Nature abhors a straight line.

—Capability Brown, landscape architect (1715-83)

Nobody's life travels a straight line. It's only in retrospect that any of it makes sense, or the fragments fit together. The rules of the road dictate that you can only find the missing corner piece under the sofa cushions when you've already given the jigsaw puzzle away.

Poor Pops, peeing in pain and so thin it was like his skeleton was superimposed on his skin. You went to hug him and held your breath in case you pressed too hard and he cracked or folded. I tried my best, but I wasn't a first-rate son. All he wanted when I was little was for me to go to college and be a rich businessman or a podiatrist, something he could crow about to his poker pals, someone to slip him a little extra cash in his declining years. I let him down, and just between you and me, he didn't miss a chance to let me know it.

When Mama left, I was eight and too little to understand.

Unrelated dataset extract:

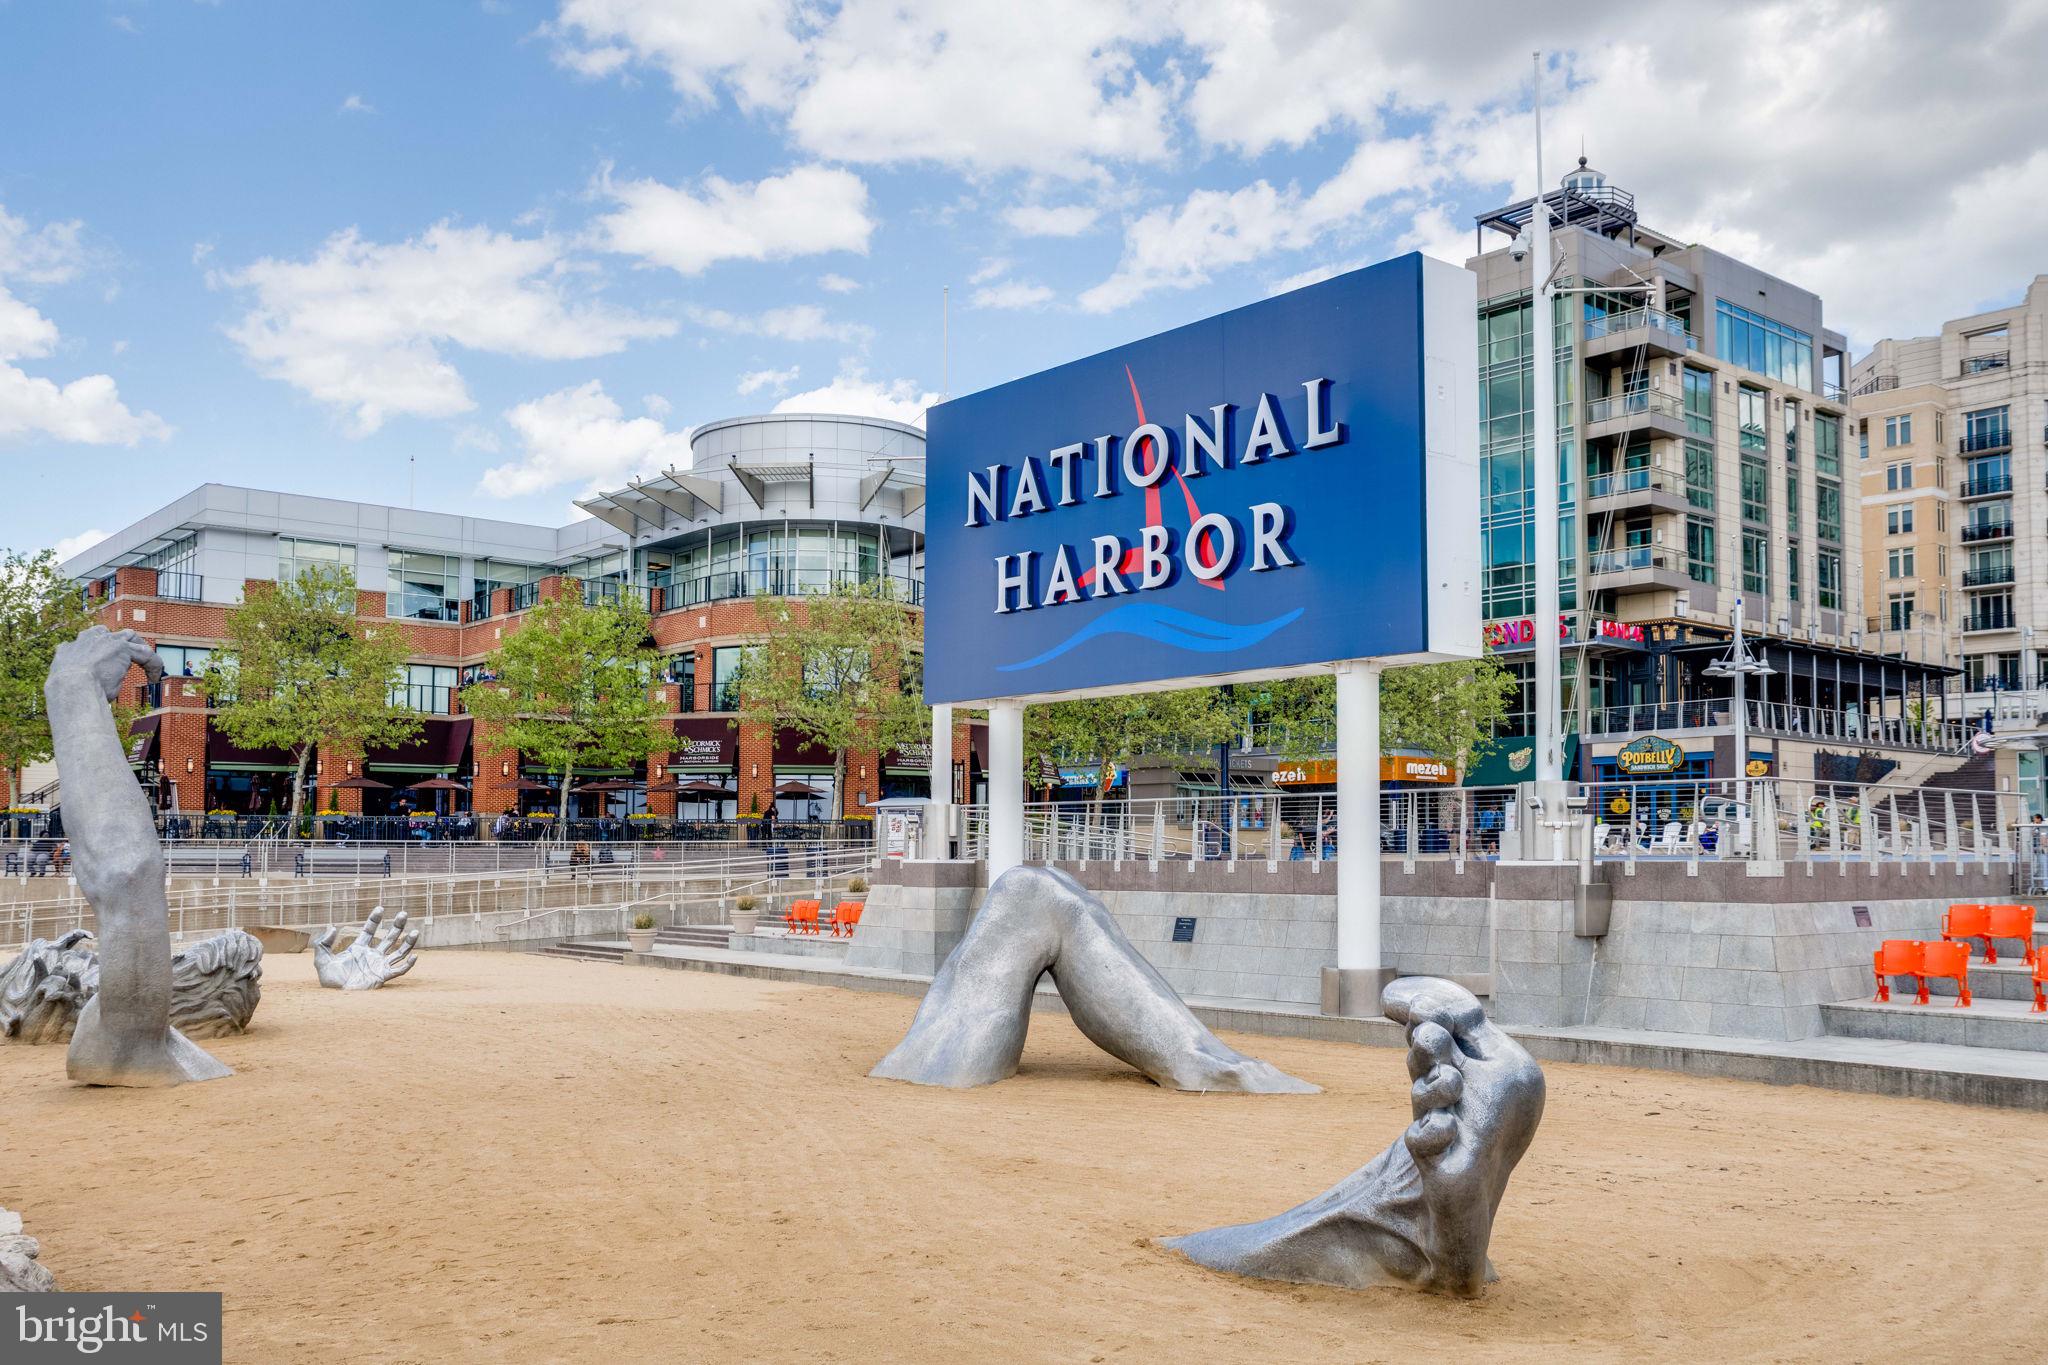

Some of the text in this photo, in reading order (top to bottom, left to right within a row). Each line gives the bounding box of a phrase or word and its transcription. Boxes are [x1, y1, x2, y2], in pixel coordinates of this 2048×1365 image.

She never acted motherly anyways; she was too busy reading. In my third-grade class, I was the only kid whose mother never contributed to the bake sale or volunteered to come along on a field trip. She always "forgot" PTA meetings, couldn't be bothered with school conferences–even though I almost always won the school spelling bees and it most likely would have been good news–and never met a teacher she could tolerate. Pops, on the other hand, would get downright friendly when he came home from work, especially after he'd polished off a bottle or two, or won a big stake at poker. Heck, that was how we had a big house, even though houses like that in neighborhoods like this were really cheap back in the day. We'd toss a ball out in the alley or watch some football on TV. He could be real palsy-walsy then, although from my vantage point now he was probably just using me to get back at Mama. Mama was the brainy one. Pops was the ne'er-do-well.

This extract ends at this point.